A previous review suggests that BC is more strongly associated with MetS than PF [61]. Furthermore, it is not only excess body weight at a given time point that is important, but also the progression or changes in this body weight status [62]. In this sense, a decrease in body weight produces a decrease in cardiometabolic risk [62], which may be because weight loss is associated with a decrease in inflammatory cytokines and insulin concentration and an increase in insulin sensitivity, improving metabolic health [63]. Conversely, an increase in weight leads to an increase in the incidence of cardiovascular events [63]. Additionally, given the relationship between PF and BC, both variables should be the focus of preventive strategies to reduce the incidence of MetS in children and adolescents. On the one hand, evidence indicates that increments in CRF will ameliorate the level of adiposity and, ultimately, the MetS risk [64, 65]. On the other hand, increased MF through resistance training promotes increased insulin sensitivity, which also affects the risk of MetS [19], a possible mechanism through which high MF may influence insulin resistance is by stimulating proteins in the insulin-signalling cascade [66]. Based on these results and considering the strong association between the BC variables and MetS, we consider that the CRF and MF variables related to BC are a better way to express the PF variables when the objective is to predict MetS. It is important to make a distinction between CRF and MF variables in absolute and relative terms in order to avoid terminological confusion and attribute benefits to MF that may come from the influence of body weight.

Limitations and strengths

Several limitations should be mentioned. First, %BF was derived from an indirect measure of BC: skinfold thicknesses. The main disadvantage of using this technique is the need of expertise to carry out the measurements. Nonetheless, skinfold thicknesses were taken by trained professionals, and their validity has been previously established in the pediatric population [29]. Second, in the case of the 20-m shuttle run test, participants have to carry their weight over a series of 20-m shuttle runs, which adversely affects performance in the heavier participants [67]. Nonetheless, we used an equation to estimate CRF that was validated without correcting the test performance by any anthropometric measure [27]. Thus, the current results should be interpreted with caution, since no direct measure of absolute VO2 was available in our study. Third, since we used a longitudinal design, the causation of the associations could not be properly determined. Finally, the generalizability of these results should be cautiously considered cautiously because we could not determine the influence of ethnicity and country’s economic development on these associations, given that only urban, Caucasian Spanish children and adolescents participated in this study. Otherwise, the current research presents some strengths. The longitudinal design and the relatively large sample, which allows us to conduct the analyses differentiating by sex and age groups, are major strengths of the present study. Moreover, the use of clustered MetS risk factors has been suggested as a good indicator of cardiovascular health, compared with individual MetS risk factors [5].

Conclusion

In conclusion, it seems that BC is more strongly associated with MetS and Met4 than PF in children and adolescents.
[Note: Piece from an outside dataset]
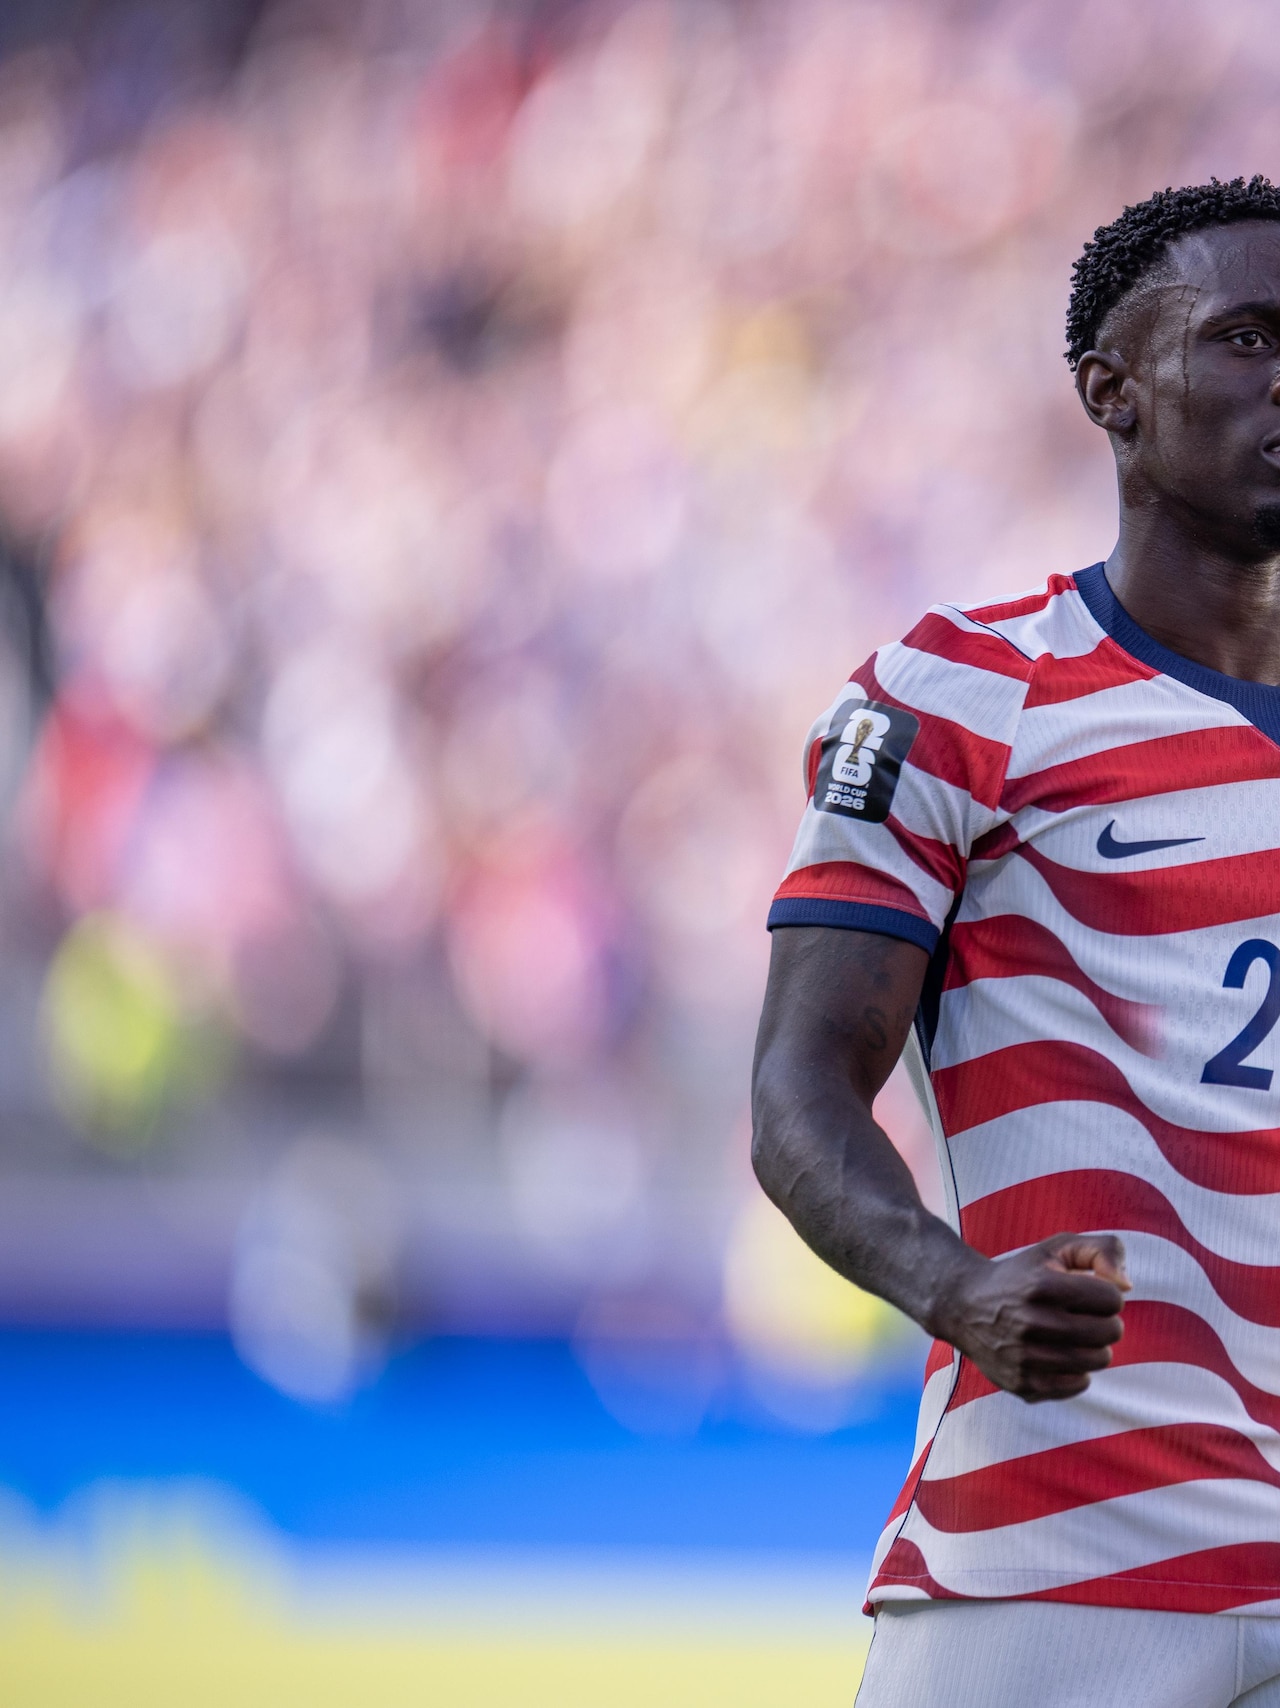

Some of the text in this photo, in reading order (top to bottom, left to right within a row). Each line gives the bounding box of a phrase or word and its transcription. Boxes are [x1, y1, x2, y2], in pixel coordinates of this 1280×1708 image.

[840, 766, 859, 778] FIFA
[827, 783, 867, 797] WORLD CUP
[824, 791, 865, 810] 2026
Attaining/maintaining an optimal body weight status should be considered an important objective of health-promoting programs at both, childhood and adolescence, not forgetting to achieve appropriate PF levels. Furthermore, the way of expressing PF variables (absolute or relative) determines the direction of the association with MetS and Met4, and the existing negative association between these features when relative PF is employed. Taking all this information together, the relativized form of PF by BC seems a better screening tool as it appears to more fully represent the cardiometabolic health framework of young people than just including the absolute form of the PF.